ASSIGNMENT:
Could the entries below be transcribed word for word, with the pictures omitted?

Image-backed grounding data
·····
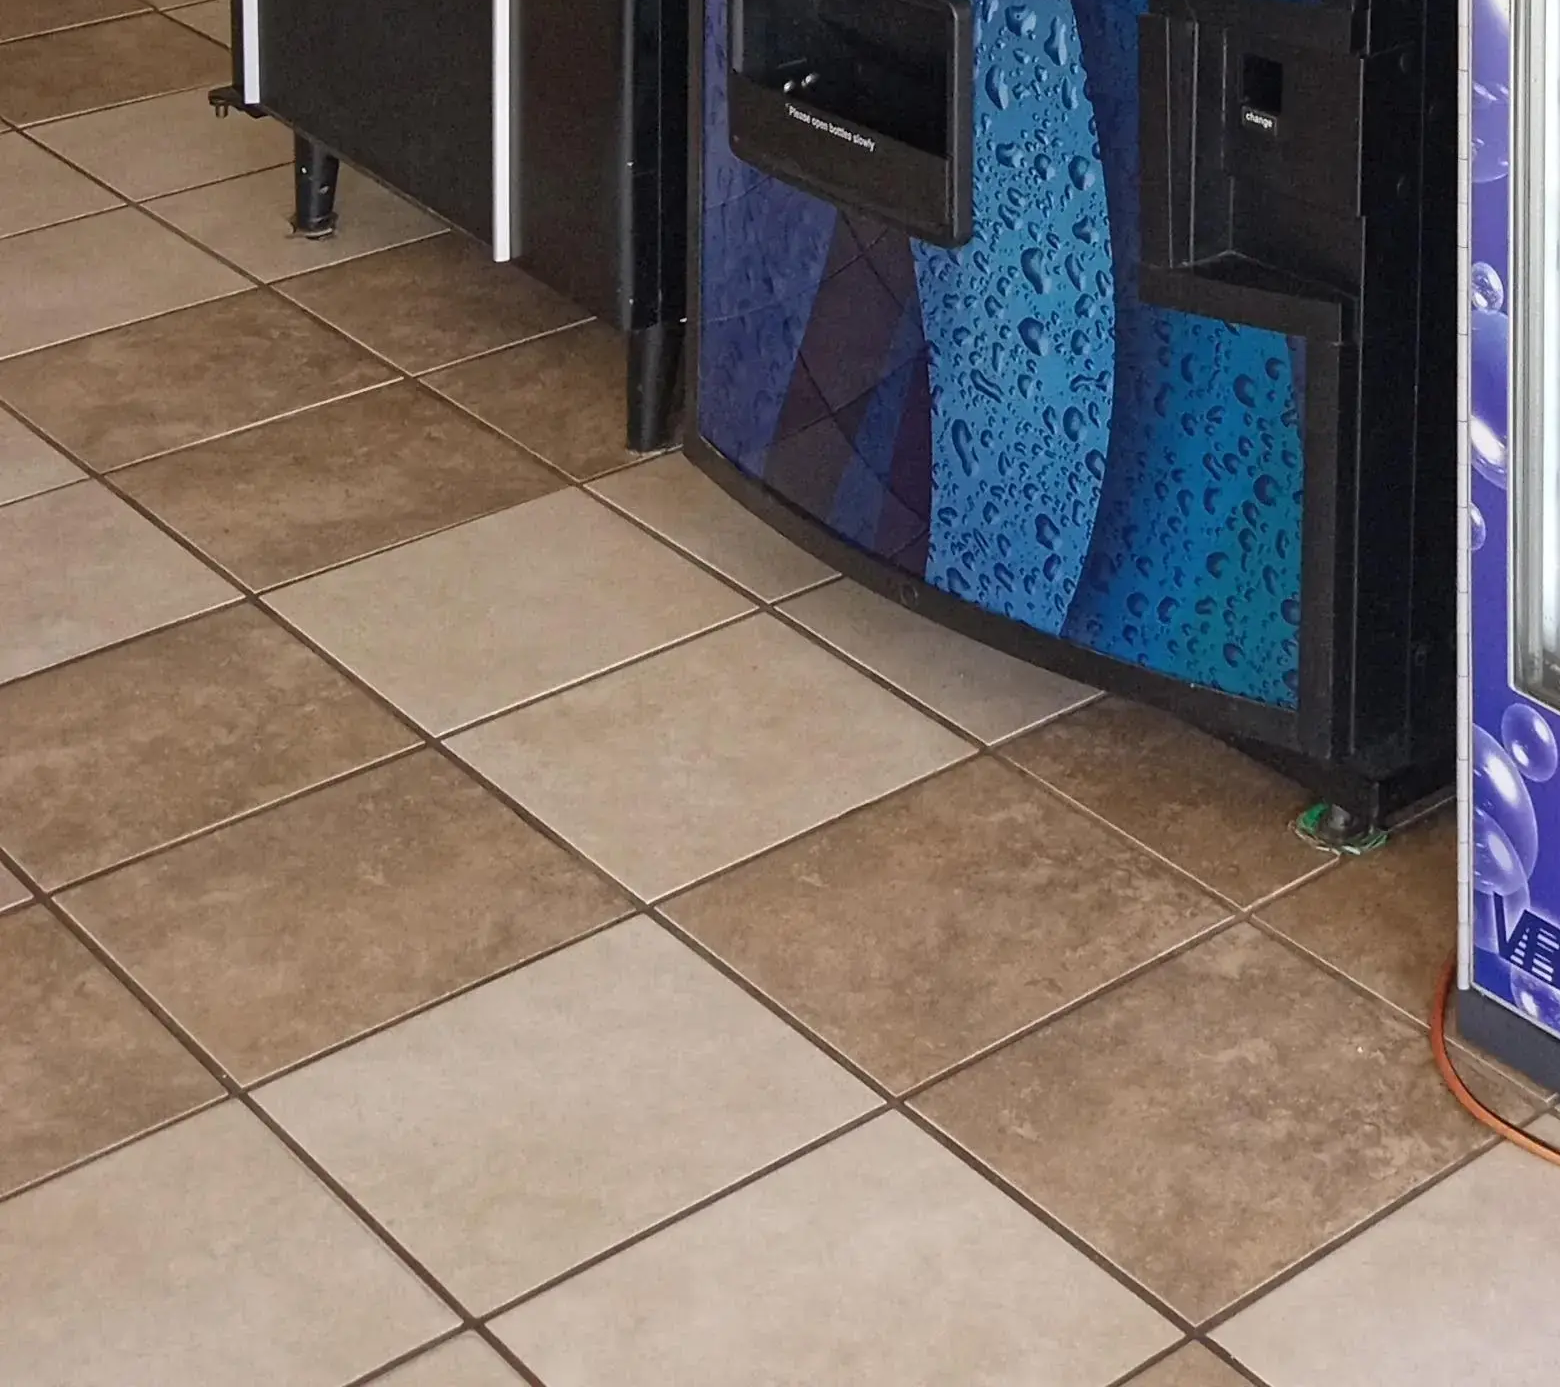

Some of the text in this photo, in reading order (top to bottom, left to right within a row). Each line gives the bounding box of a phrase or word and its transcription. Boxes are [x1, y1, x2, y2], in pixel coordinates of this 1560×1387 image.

[1245, 112, 1273, 129] change
[812, 117, 828, 131] open
[829, 123, 852, 141] bottles
[853, 134, 875, 152] slowly
·····
RESULT FOR THIS EXERCISE:
Some of the text in this photo, in reading order (top to bottom, left to right within a row). Each line gives the bounding box of a phrase or word and its transcription. Boxes are [x1, y1, x2, y2], in pixel coordinates of this 1560×1387 image.

[1245, 112, 1273, 129] change
[812, 117, 828, 131] open
[829, 123, 852, 141] bottles
[853, 134, 875, 152] slowly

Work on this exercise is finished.